Before digital access to proposed bills and committee agendas, the Legislative Mail Room was the busiest place on the Hill. Lobbyists and the public had to subscribe to receive the bills and each subscriber had a mailbox in which the clerks would place a copy of bills. Sometimes lucky lobbyists could obtain an advanced copy of a bill before printing which made them very popular with their colleagues who wished for a photocopy.
U.S. mail, especially during the General Session used to flood into the legislature. Gradually, the snail-mail gave way to faxes and finally, now most of that communication is through email, texts and mobile phones.
Lobbyists Then and Now
In the mid-70s when I started lobbying for the Taxpayers Association there was a small fraction of the thousands of lobbyists today. Jack Olson of the Utah Taxpayers Association and Robert Halladay of the Utah Mining Association were two of the most prominent and senior lobbyists. There was a couch on the third floor of the Capitol building by the elevator between the House and Senate floor entrances. This was known by everyone as Olson’s and Halladay’s “office.” Legislators wanting information or to know positions of these organizations always knew where these men could be found.
The Capitol building during the legislative session in recent years was crowded with hundreds of citizens and lobbyists, but due to COVID-19 the crowds are gone and legislators are reached digitally.

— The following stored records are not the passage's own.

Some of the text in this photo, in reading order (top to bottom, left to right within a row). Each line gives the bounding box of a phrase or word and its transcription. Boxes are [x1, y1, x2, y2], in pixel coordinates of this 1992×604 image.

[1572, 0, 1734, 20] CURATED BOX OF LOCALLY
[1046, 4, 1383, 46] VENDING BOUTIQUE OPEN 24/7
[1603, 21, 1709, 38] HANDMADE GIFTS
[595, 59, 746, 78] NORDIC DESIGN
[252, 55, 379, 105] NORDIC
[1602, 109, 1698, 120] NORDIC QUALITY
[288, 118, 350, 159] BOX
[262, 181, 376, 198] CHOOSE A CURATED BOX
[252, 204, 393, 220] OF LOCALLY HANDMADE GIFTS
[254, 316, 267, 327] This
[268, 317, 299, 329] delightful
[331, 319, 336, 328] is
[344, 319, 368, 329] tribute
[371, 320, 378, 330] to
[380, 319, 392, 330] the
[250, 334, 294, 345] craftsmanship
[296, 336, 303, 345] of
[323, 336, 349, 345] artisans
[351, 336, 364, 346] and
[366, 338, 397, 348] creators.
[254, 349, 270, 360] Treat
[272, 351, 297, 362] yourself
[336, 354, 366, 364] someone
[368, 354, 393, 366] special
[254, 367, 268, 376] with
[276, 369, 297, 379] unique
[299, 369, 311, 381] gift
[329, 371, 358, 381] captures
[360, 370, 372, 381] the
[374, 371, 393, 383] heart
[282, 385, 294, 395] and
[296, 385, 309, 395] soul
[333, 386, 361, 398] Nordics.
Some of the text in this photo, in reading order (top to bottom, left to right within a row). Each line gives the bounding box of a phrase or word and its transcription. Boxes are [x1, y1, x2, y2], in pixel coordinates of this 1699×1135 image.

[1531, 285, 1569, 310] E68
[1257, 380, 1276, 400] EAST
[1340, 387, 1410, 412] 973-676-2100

Committee meetings are uncrowded with social distancing enforced and much of the committee member participation and public testimony is provided through Zoom meetings.
The Inside of Lobbying
While buying a suit last month the attendant, knowing my history of lobbying and serving in the legislature asked if I could advise him on how he could get into the lobbying business. I explained a person needed at least one of these prerequisites in order to be successful at lobbying: The first is knowledge and passion about a cause you want to promote. The second is a deep understanding and experience in the legislative process. He admitted that he had neither of these.

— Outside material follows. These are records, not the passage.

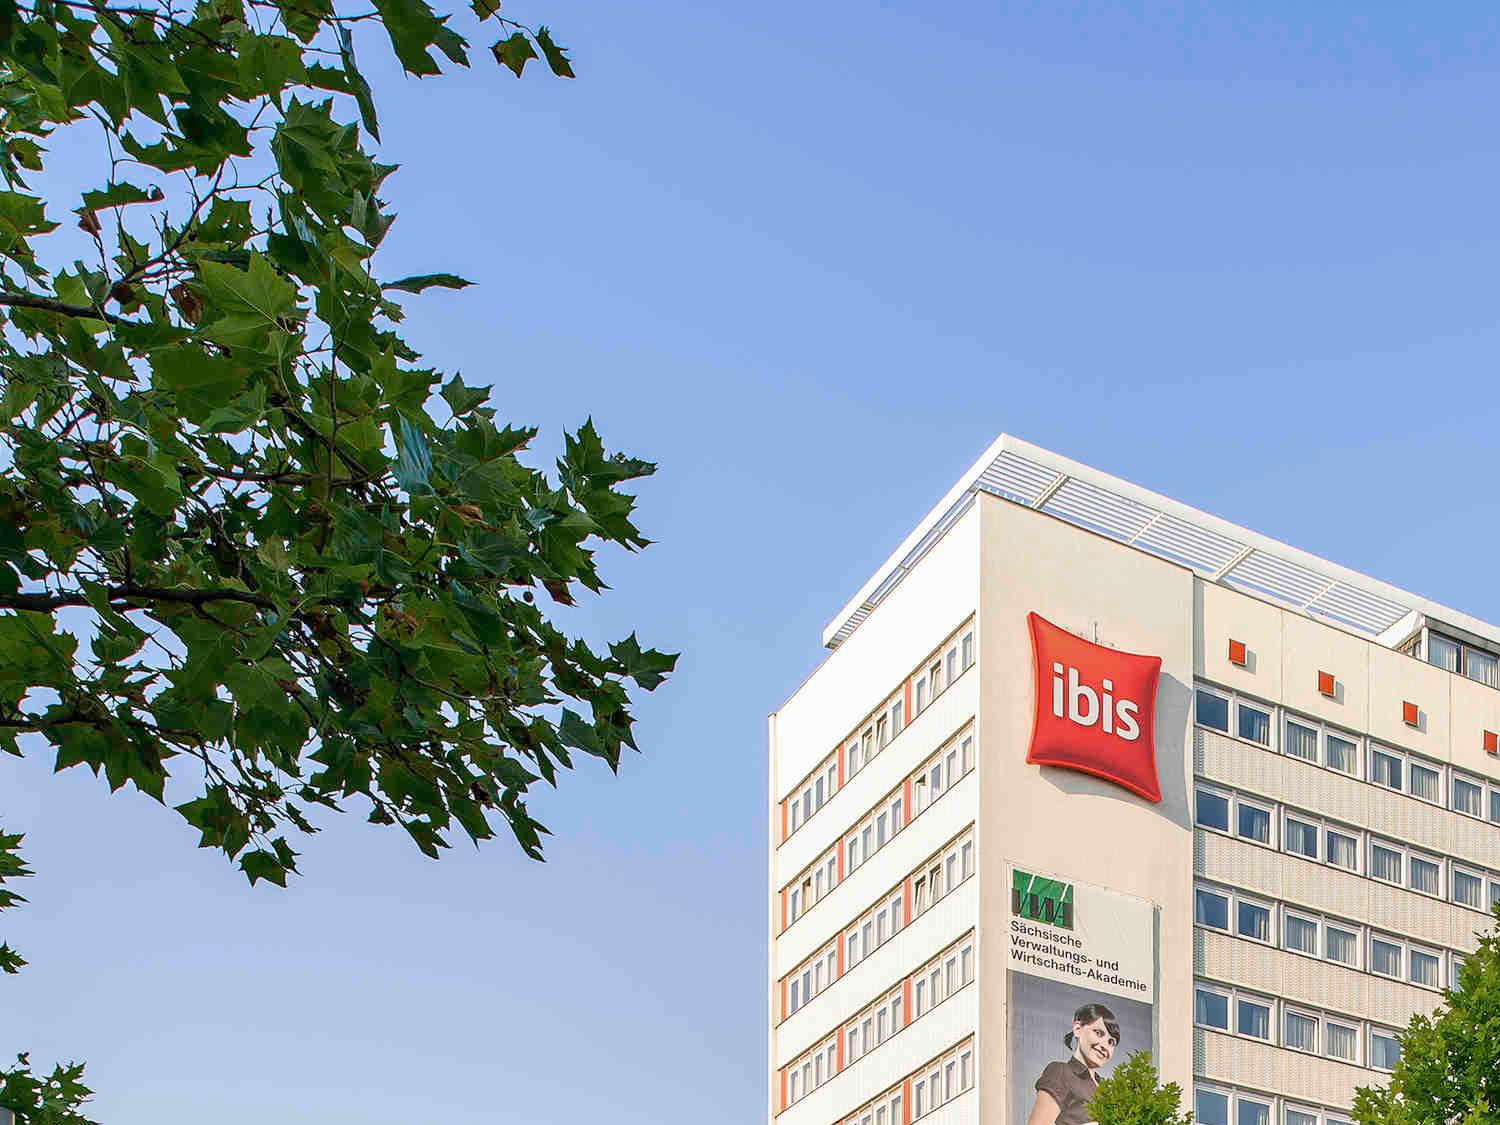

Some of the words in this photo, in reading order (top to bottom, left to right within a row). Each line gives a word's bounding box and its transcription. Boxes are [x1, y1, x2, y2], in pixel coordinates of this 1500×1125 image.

[1052, 661, 1140, 740] ibis
[1010, 920, 1082, 949] Sächsische
[1010, 934, 1092, 964] Verwaltungs-
[1096, 960, 1119, 972] und
[1010, 949, 1147, 992] Wirtschafts-Akademie

Many of the most effective lobbyists in Utah today learned the craft from interning for legislators and other more senior lobbyists. His question made me realize how important experienced, ethical lobbyists are in assisting citizens and businesses to navigate the legislative process effectively.

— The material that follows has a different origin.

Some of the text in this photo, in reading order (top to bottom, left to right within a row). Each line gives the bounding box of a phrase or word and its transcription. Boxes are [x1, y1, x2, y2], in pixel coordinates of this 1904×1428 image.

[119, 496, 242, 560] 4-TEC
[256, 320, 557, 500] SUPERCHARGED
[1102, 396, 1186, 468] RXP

Lobbying has laws governing it. The law requires a lobbyist to wear a badge revealing they are a paid lobbyist. In order to qualify for the badge one must pass ethics and sexual harassment prevention training. The law also prohibits lobbying contracts to be based on passage or defeat of legislation.
Utah Is in Good Hands
As I was participating in Zoom committee meetings and watching the Senate and House floor action this week I was struck for the first time since leaving the Senate two years ago how smooth and open the process is. The professionalism of legislators in presenting their bills, the respectful nature of debate, and the ease of watching all that was happening in high-def living color made me proud to be a Utahn.